Davenport Bank and Trust, also known as Davenport Bank Apartments, is a mixed-use facility located in Downtown Davenport, Iowa, United States. It was listed on the National Register of Historic Places in 1983 as American Commercial and Savings Bank. In 2016 the National Register approved a boundary increase with the Davenport Bank and Trust name.[2] Davenport Bank and Trust was at one time Iowa's largest bank, and the building has dominated the city's skyline since it was built. The tallest building in the Quad Cities, it houses commercial, office and residential space.

History[edit]

1927 bank building

Henry Lischer and H.H. Anderson formed German Savings Bank in 1869. Davenport had a large German community and it contributed to the bank's success.[3] By the 1890s the city had become the financial center of the region and the state.[4] German Savings Bank took over Citizens National Bank in 1906, and it merged with the Farmers and Mechanics Savings Bank in 1910. By 1916 it was the largest bank in Iowa.[5] Because of anti-German sentiments that resulted from World War I the bank’s name was changed in 1918 to American Commercial and Savings Bank.
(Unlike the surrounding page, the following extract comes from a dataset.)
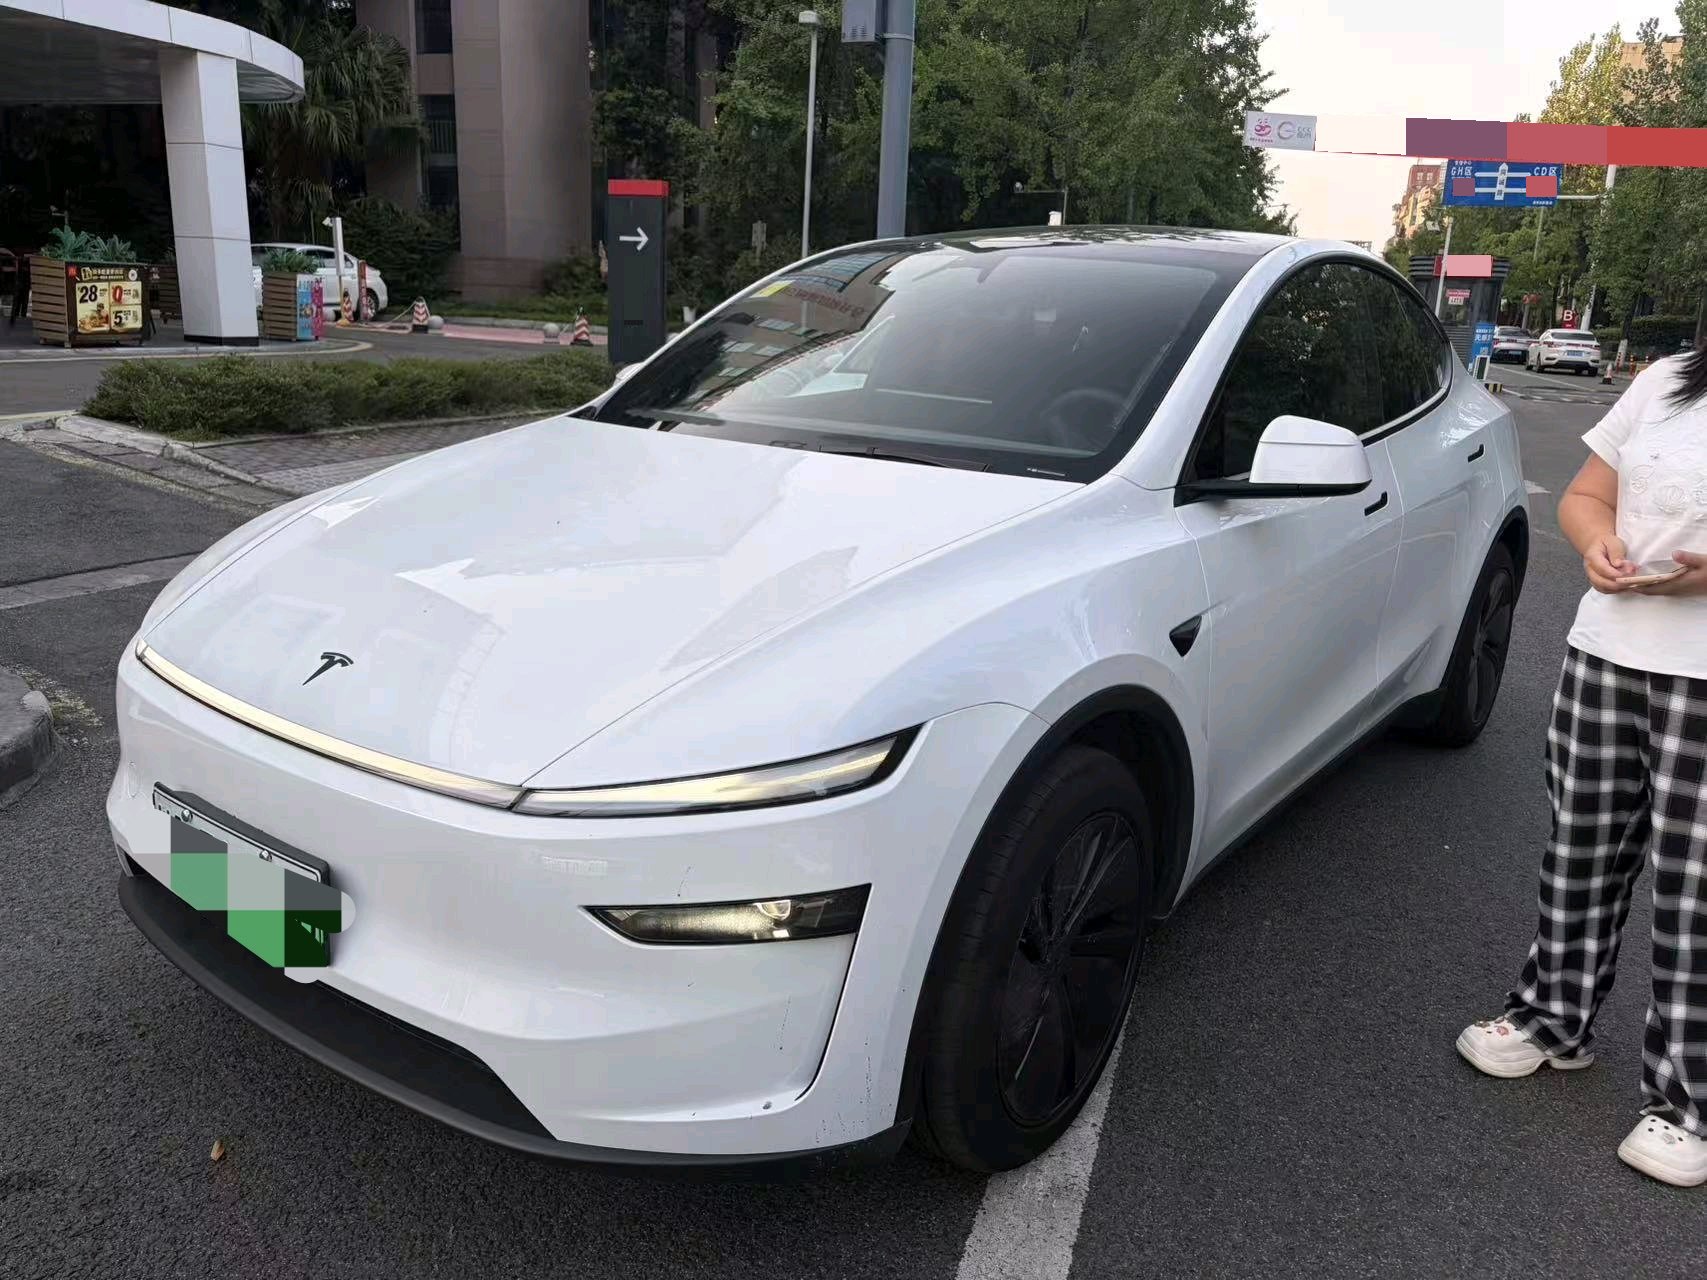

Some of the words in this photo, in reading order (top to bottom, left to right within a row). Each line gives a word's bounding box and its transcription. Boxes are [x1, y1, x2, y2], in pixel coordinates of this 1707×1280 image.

[1451, 166, 1473, 176] GH区
[1534, 166, 1558, 177] CD区
[1563, 309, 1573, 321] B
As the 1920s began, Davenport had 11 banks. American Commercial and Savings Bank absorbed the Security Savings Bank at this time. They had this building constructed in 1927. The new building reflected the significance of the bank in the community, and it has dominated the city's skyline since it was built.[4][6] As a result of the Great Depression, it absorbed Iowa National Bank, the Citizens Trust and Savings Bank, and the Farmers and Merchants Bank and was one of five banks in the city that was still active when President Franklin Roosevelt signed the Emergency Banking Act in 1933. The others included: Bechtel Trust Company, Northwest Davenport Savings Bank, Union Savings Bank and Trust, and Home Savings Bank.[7] It was one of only two banks to re-open in Davenport. The bank changed its name at this time to Davenport Bank and Trust Company under the direction of E.P. Adler. By 1936, it rebuilt itself to become the second largest bank in Iowa.[5]
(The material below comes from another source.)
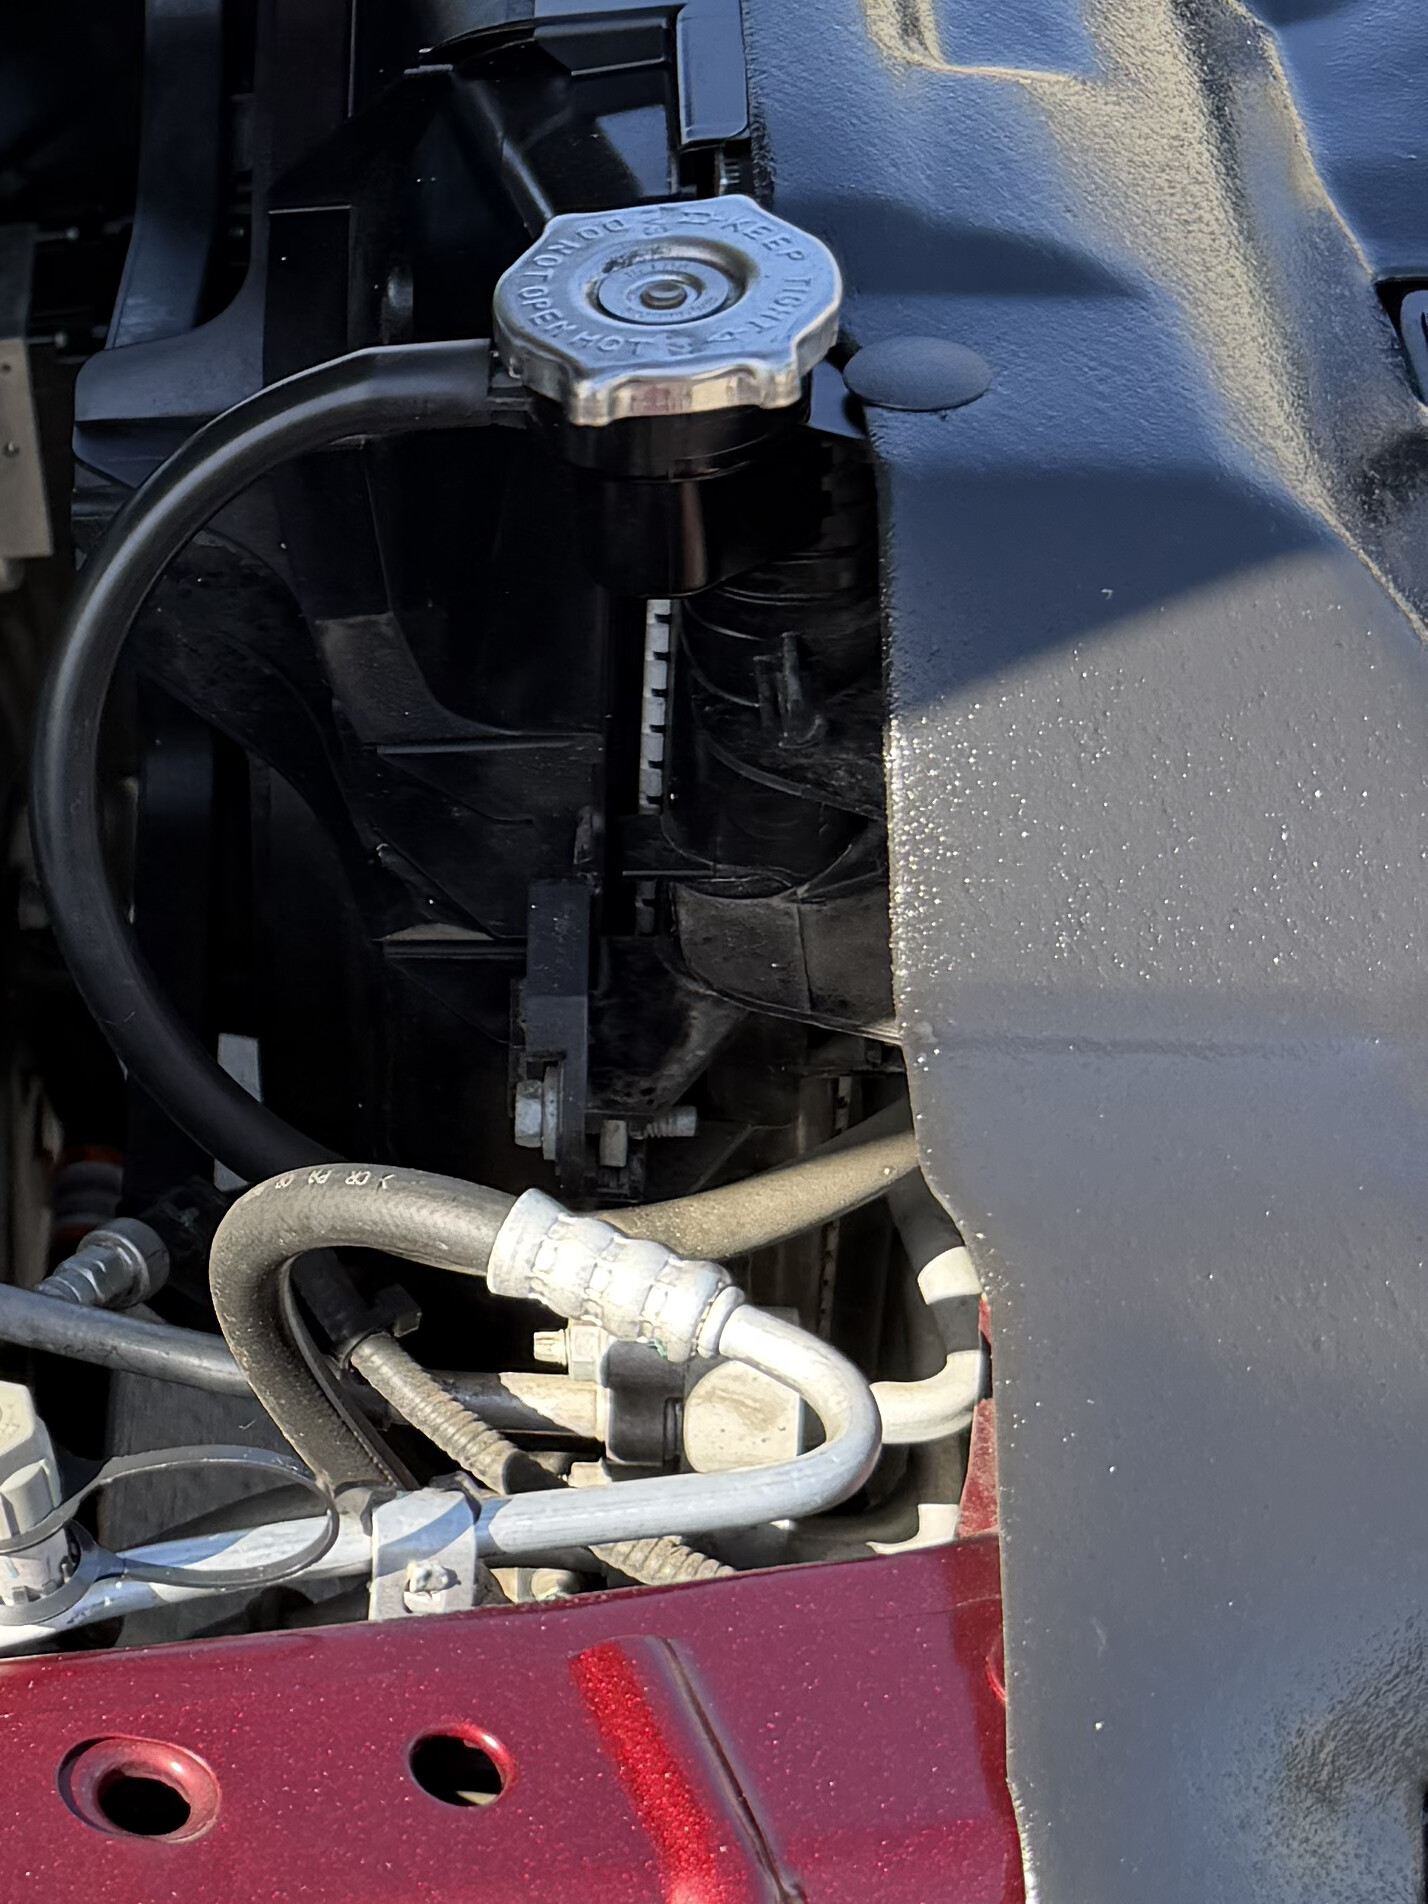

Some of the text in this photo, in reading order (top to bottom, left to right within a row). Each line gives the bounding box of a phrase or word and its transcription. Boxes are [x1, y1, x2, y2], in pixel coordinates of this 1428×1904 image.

V.O. Figge became associated with the bank in 1931 as a bank examiner and served as vice-president, president and CEO into the 1990s.[8] The bank's assets were at $1.5 million the year this building was completed and they grew to $100 million by 1960, once again making this the state's largest bank.[4] In 1966, Davenport Bank built a Modern Movement drive-in banking facility on its surface parking lot at the northeast corner of Third and Main Streets. To replace the surface lot, a modern parking structure and additional space for the bank was built adjacent to the west side of the building in 1971. In 1984 the bank realized a net income of $1.6 billion, which marked its fifty-sixth straight year of growth.

Davenport Bank & Trust was sold to Norwest Bank in 1993. It became Wells Fargo Bank after the merger of the two banks in November 1998.[9] In 2005 the building was purchased by Financial District Properties.[10] A $7.5 million renovation project in 2013 converted the building's fifth, ninth, tenth and eleventh floors into 29 market rate apartments.[11] Wells Fargo Bank remained alongside other commercial and residential tenants until the weekend of April 23–24, 2016 when it moved its operations to the redeveloped Putnam-Parker Block.[12] The building was renamed Davenport Bank Apartments.[13]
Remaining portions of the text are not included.